After 17 months, we finally have a definitive result from Colin's hearing test...he passed with flying colors! It has been such a long journey to get to this point, but we are so happy with the results. Aside from Colin's initial test at birth, which he passed, we have yet to get solid results because the original audiologist we were seeing either couldn't get the ear pieces to stay, OR, he had some congestion, OR because they had the wrong size for his ear. Our pediatrician finally referred Colin around 14 months to the ENT and we are so happy with him. He has provided extremely valuable information to us in a way that the layperson can easily understand, he talks to Colin and not just about him, and, he handles his diagnosis in an extremely professional manner.

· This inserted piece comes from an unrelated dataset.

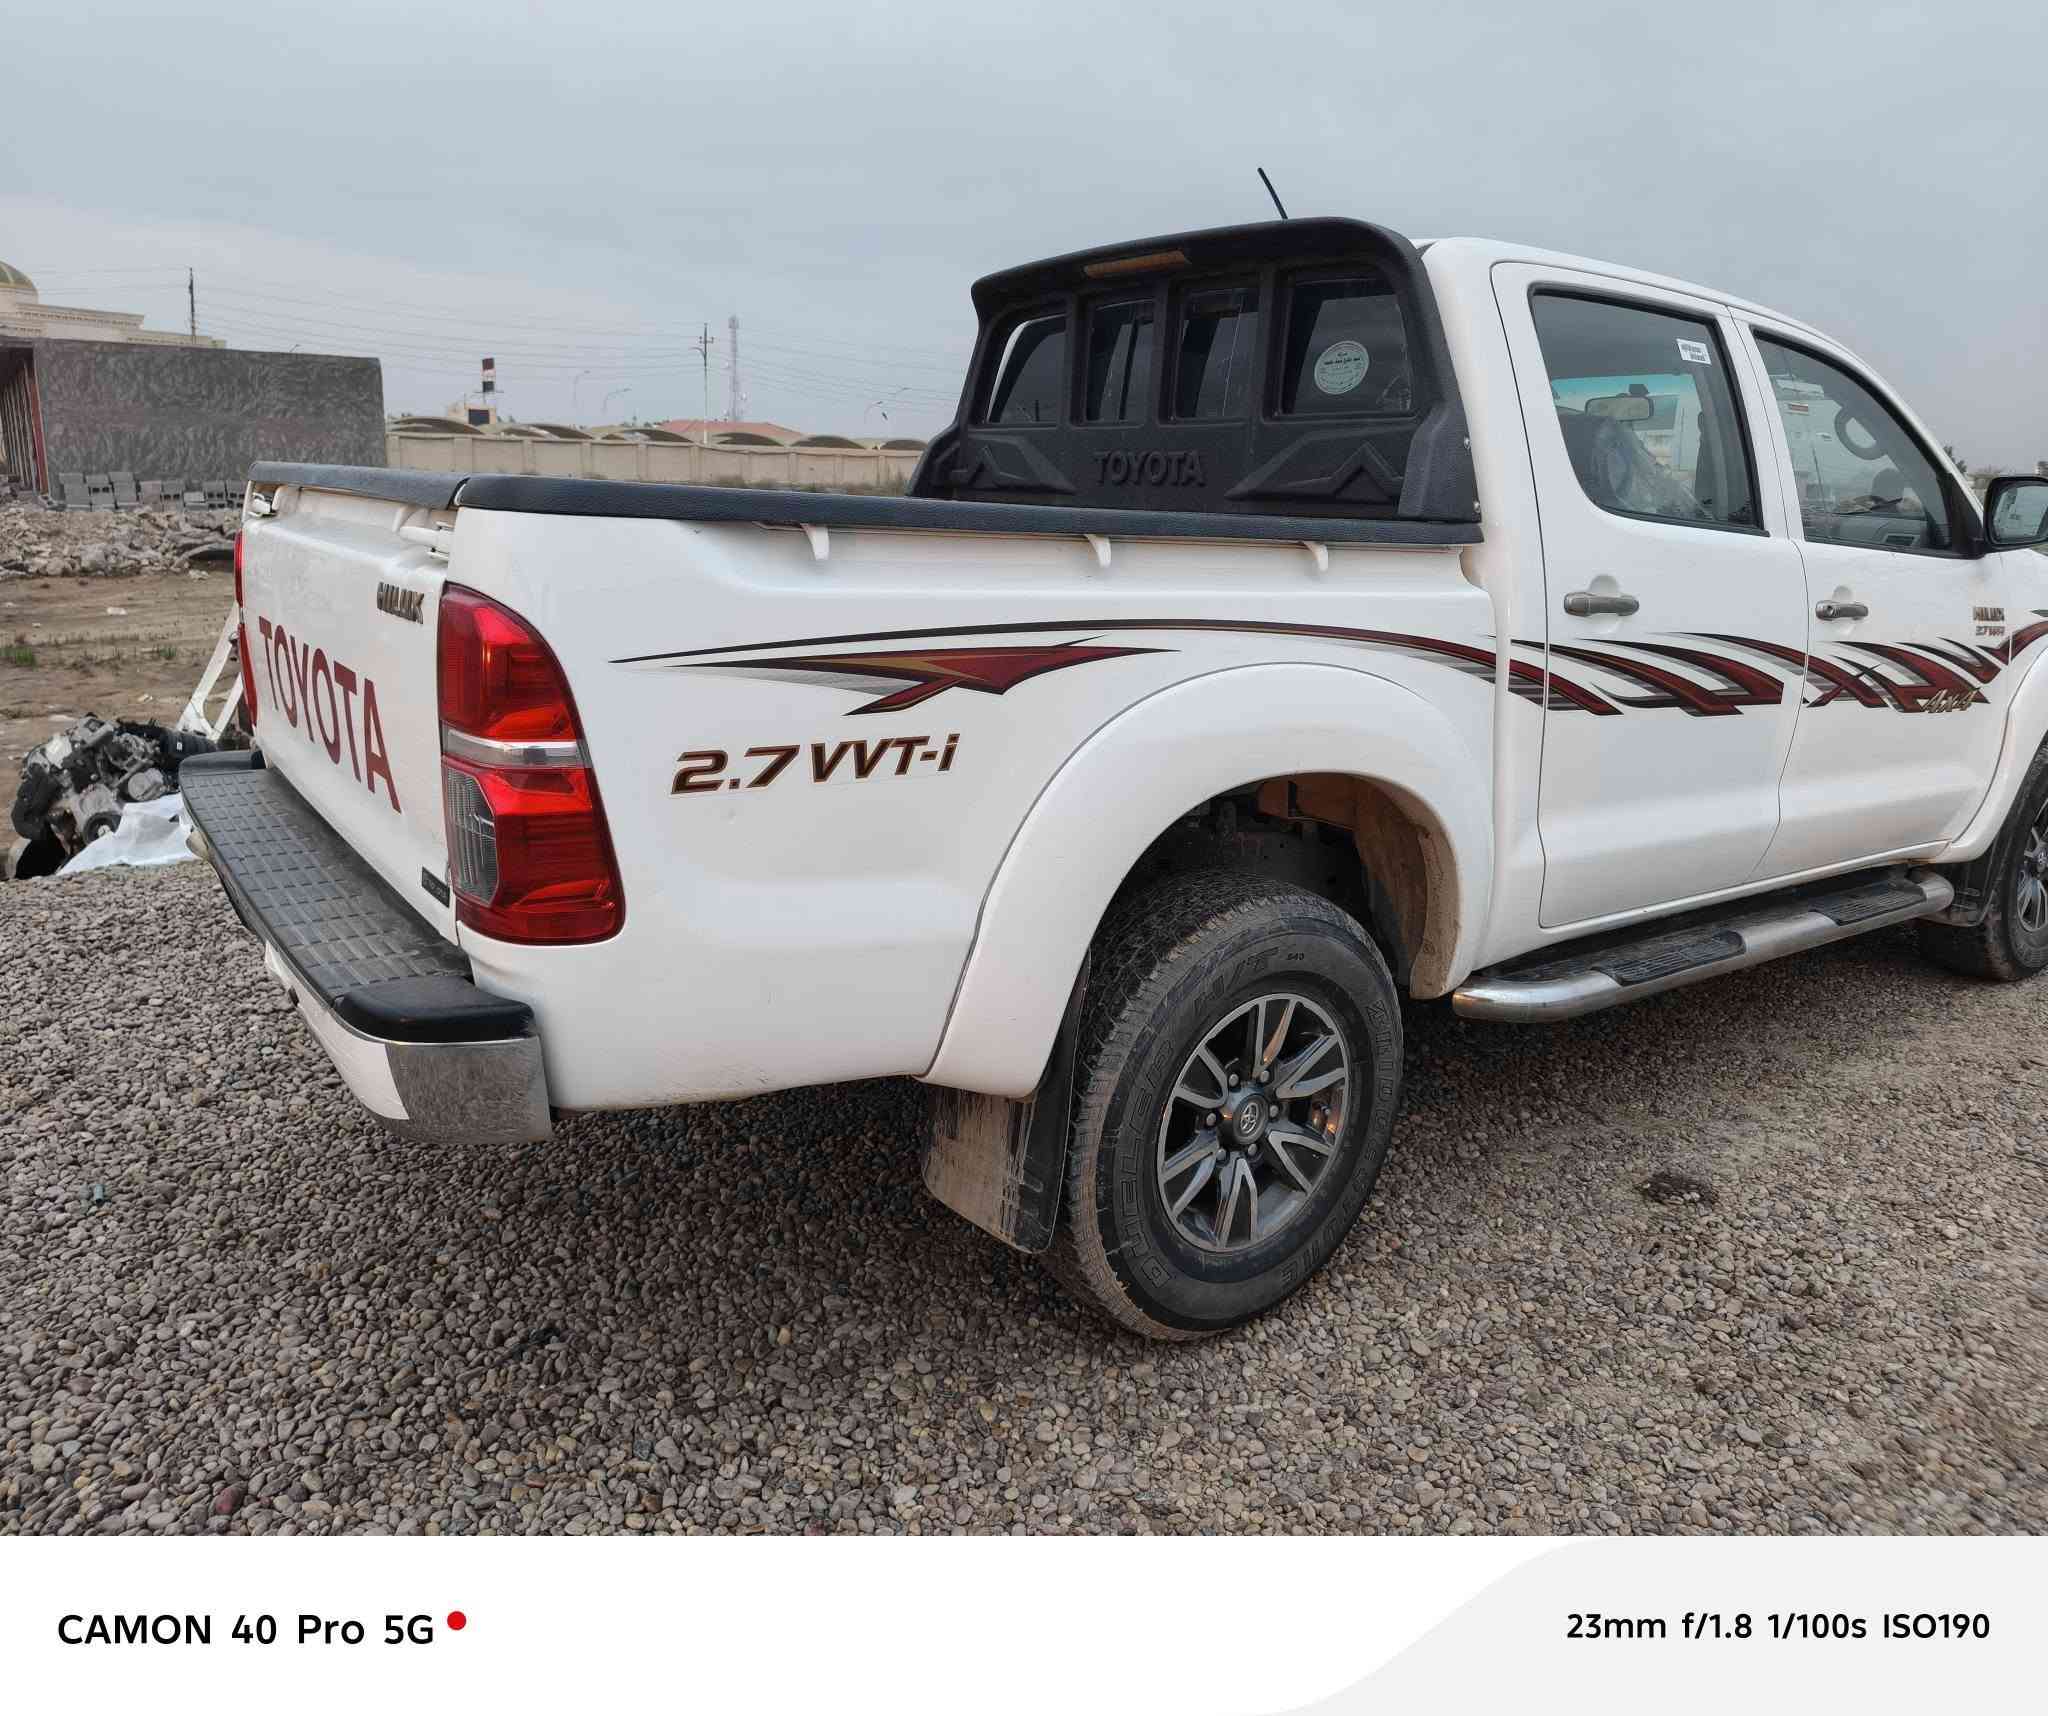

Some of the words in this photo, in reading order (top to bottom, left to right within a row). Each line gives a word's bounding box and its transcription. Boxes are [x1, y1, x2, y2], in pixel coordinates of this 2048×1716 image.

[1092, 449, 1207, 488] TOYOTA
[377, 581, 425, 625] HILUX
[258, 615, 402, 815] TOYOTA

Most of the tests that have been performed on Colin have been OAE tests, or Otoacoustic emissions Tests. With these types of tests, a tiny probe is put into his ear, and many pulse-type sounds are introduced. From these sounds, a response is generated from the inner ear. The results are averaged and information is aquired as to how well the ear is functioning. There are many factors that can affect these results, such as congestion, ear wax buildup, etc. so even with a failed result, it does not definitively mean that the child cannot hear. Often, failed results refer to an Ear Nose and Throat doctor.
At birth, and in Colin's case, around 12 months of age, an ABR test is performed, or Auditory Brainsteam Response. This type of test generally rules out "worst case scenario" and determines how well the nerve is functioning. In this test, tiny probes are placed in the ears in addition to electrodes placed strategically on the child's head. Click type sounds are introduced into the ear and the computer measures how well the nerve responds to these sounds. Again, there are factors that may influence the results, but generally, this type of testing gives a pretty good idea whether or not the infant/young child has hearing in the normal range.
Finally, at this most recent visit, Colin had a Behavioral Test performed in which he sat in a special booth with Chris directly centered between two speakers. This test measures the child's response to calibrated speech and pure tones (distinct pitches of sounds). The behavioral response could be any way in which the child responds to the sounds. In Colin's case, although one ear was slightly different from the other, they were both within normal range.
Although we will need to continue to follow up every 3 months with the ENT to monitor any sort of fluid in Colin's ear, the doctor is extremely happy with the status of Colin's ears given the nature of reoccurring problems in the inner and outer ear with children with Down Syndrome. We love hearing things like that!